TAC5279 is a potent malware, designed to exploit and damage computer systems. This malicious software is known to infiltrate systems through suspicious downloads, emails, or websites, often unbeknownst to the user. Once inside a system, TAC5279 can steal personal information, disrupt operations, or hold data hostage for ransom. The threat group associated with this malware, the TAC5279 affiliate group, is particularly active and poses a significant risk to organizations across multiple sectors and regions. Notably, those in the education and healthcare sectors have been identified as particularly vulnerable. The TAC5279 affiliate group has recently transitioned from deploying the Vice Society malware to using the Rhysida ransomware variant. Despite this shift, the group continues to employ many of the same tactics in their attacks on organizations. A review of leak site posts between January 2022 and October 2023 shows an overlap in the use of Vice Society and Rhysida during late June and early July. This suggests that the group was testing the efficacy of Rhysida while still deploying Vice Society.

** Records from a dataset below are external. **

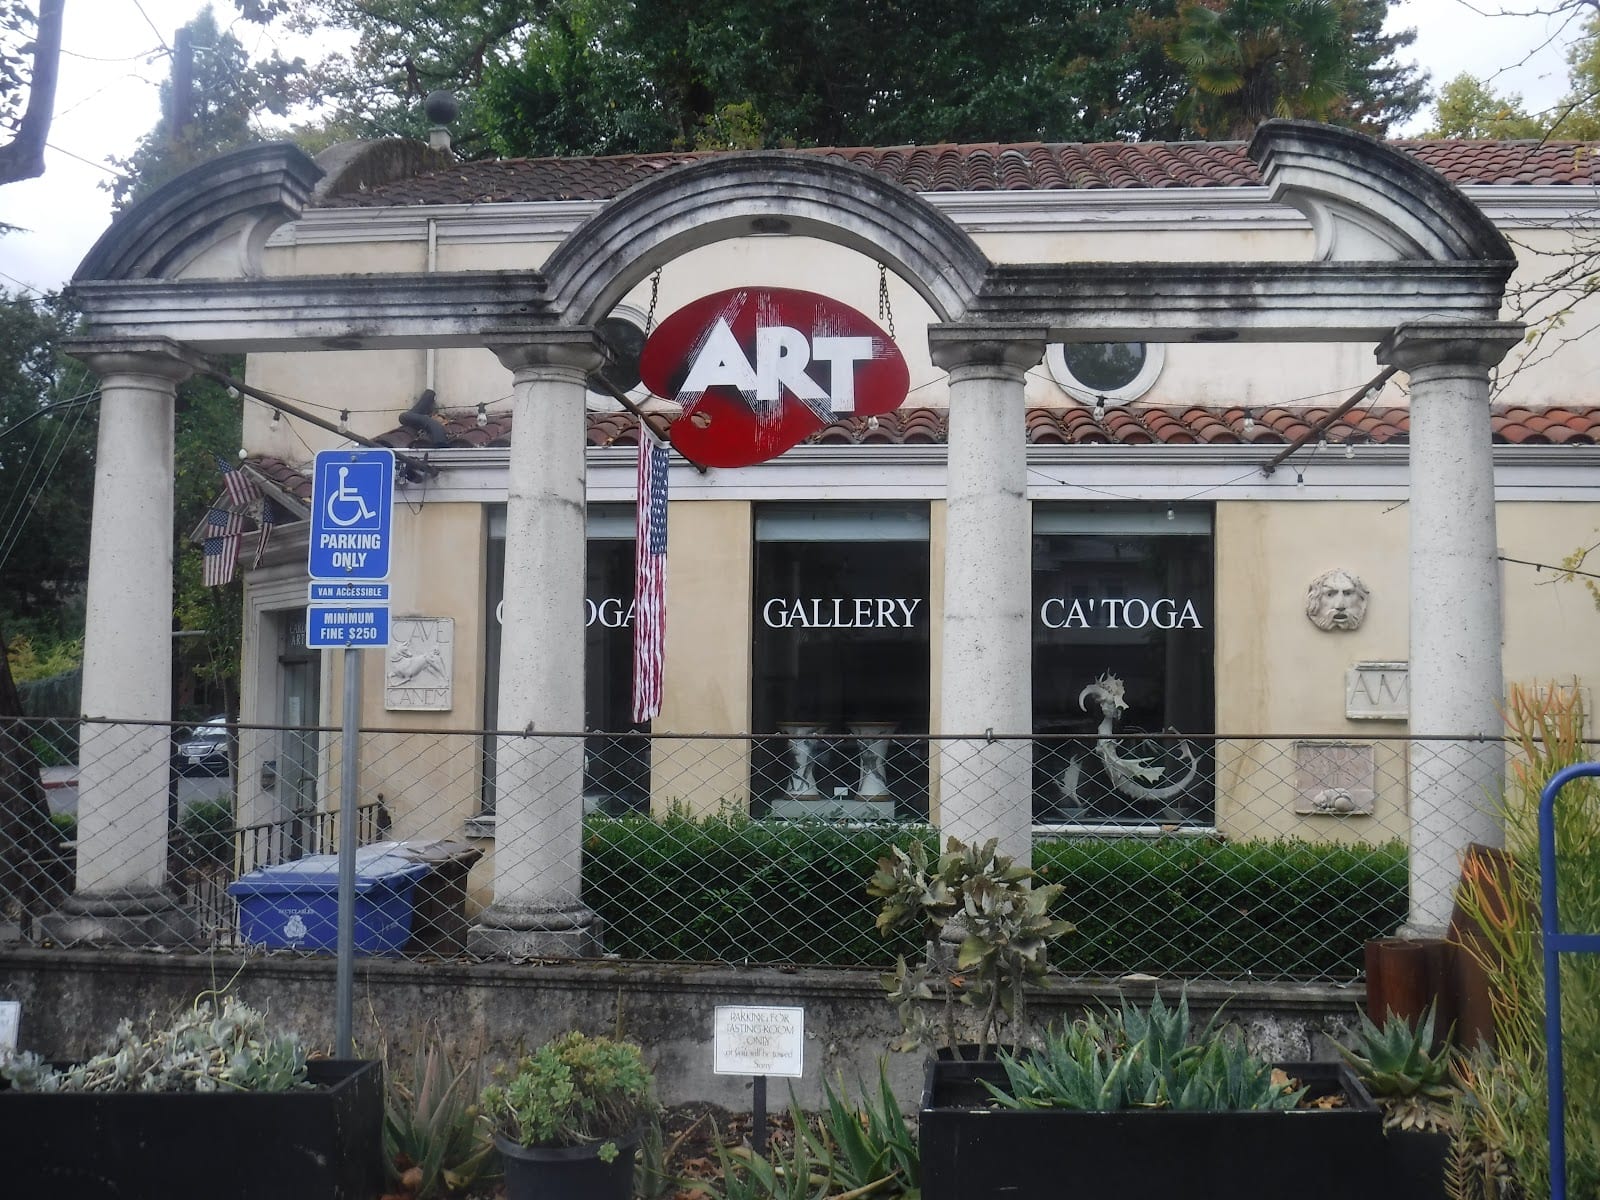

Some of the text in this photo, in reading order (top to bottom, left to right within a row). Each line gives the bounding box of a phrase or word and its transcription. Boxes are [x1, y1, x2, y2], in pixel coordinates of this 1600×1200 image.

[676, 316, 873, 412] ART
[320, 534, 381, 549] PARKING
[332, 552, 367, 568] ONLY
[318, 588, 382, 596] VAN ACCESSIBLE
[324, 612, 374, 624] MINIMUM
[763, 598, 922, 628] GALLERY
[1040, 598, 1203, 629] CA'TOGA
[320, 627, 377, 639] FINE $250
[392, 621, 450, 643] CAVE
[731, 1011, 789, 1023] PARKING FOR
[727, 1023, 794, 1034] TASTING ROOM
[746, 1036, 769, 1046] ONLY

Sophos Rapid Response and Managed Detection and Response (MDR) cases have provided further insights into the commonly used tactics, techniques, and procedures (TTPs) by TAC5279. It is crucial for organizations, especially those in the education and healthcare sectors, to be aware of these TTPs and take necessary precautions. In this evolving threat landscape, staying updated about such changes in malware deployment is essential to safeguard sensitive data and maintain operational integrity.